Information provided
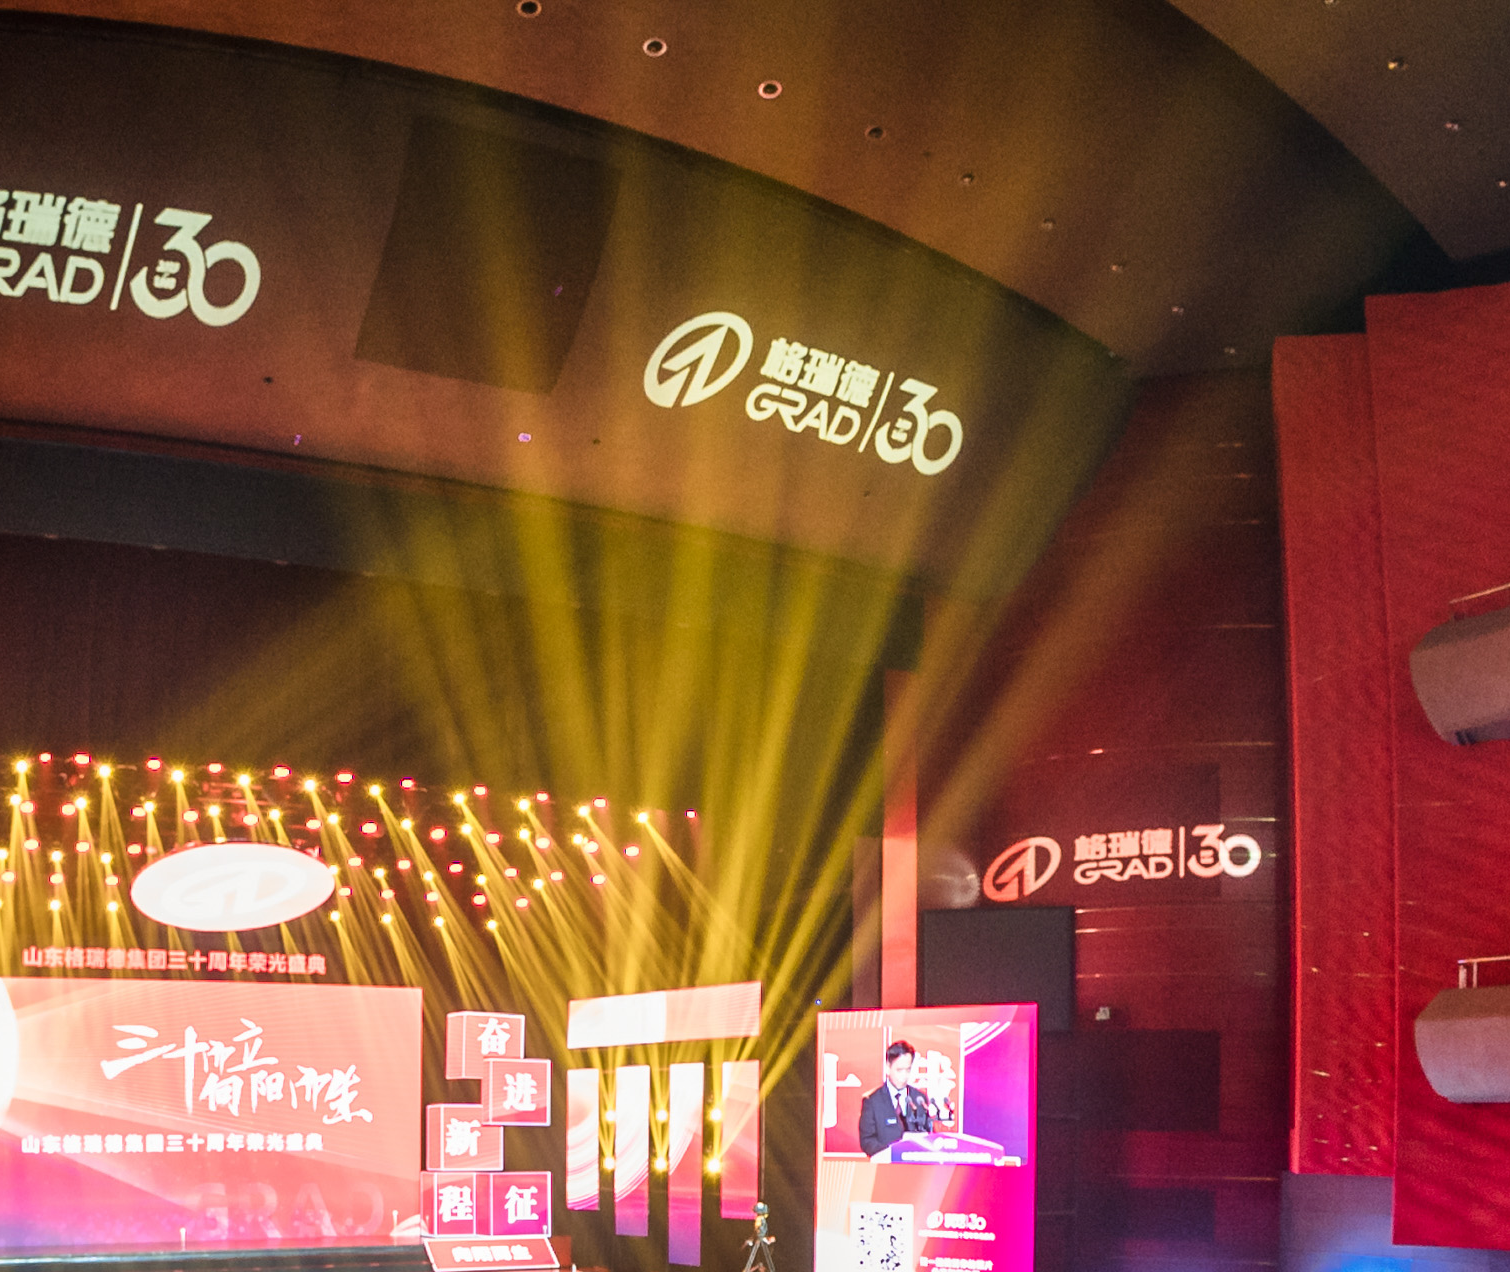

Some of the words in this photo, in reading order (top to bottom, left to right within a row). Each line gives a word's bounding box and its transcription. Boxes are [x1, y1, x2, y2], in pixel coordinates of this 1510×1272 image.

[761, 337, 881, 408] 格瑞德
[745, 384, 862, 446] GRAD
[1074, 827, 1173, 863] 格瑞德
[1073, 857, 1174, 886] GRAD
[22, 945, 327, 976] 山东格瑞德集团三十周年荣光盛典
[477, 1018, 511, 1056] 奋
[503, 1072, 538, 1112] 进
[445, 1117, 482, 1157] 新

Your objective
All records above should be duplicated exactly, with the pictures omitted.

Task result
Some of the words in this photo, in reading order (top to bottom, left to right within a row). Each line gives a word's bounding box and its transcription. Boxes are [x1, y1, x2, y2], in pixel coordinates of this 1510×1272 image.

[761, 337, 881, 408] 格瑞德
[745, 384, 862, 446] GRAD
[1074, 827, 1173, 863] 格瑞德
[1073, 857, 1174, 886] GRAD
[22, 945, 327, 976] 山东格瑞德集团三十周年荣光盛典
[477, 1018, 511, 1056] 奋
[503, 1072, 538, 1112] 进
[445, 1117, 482, 1157] 新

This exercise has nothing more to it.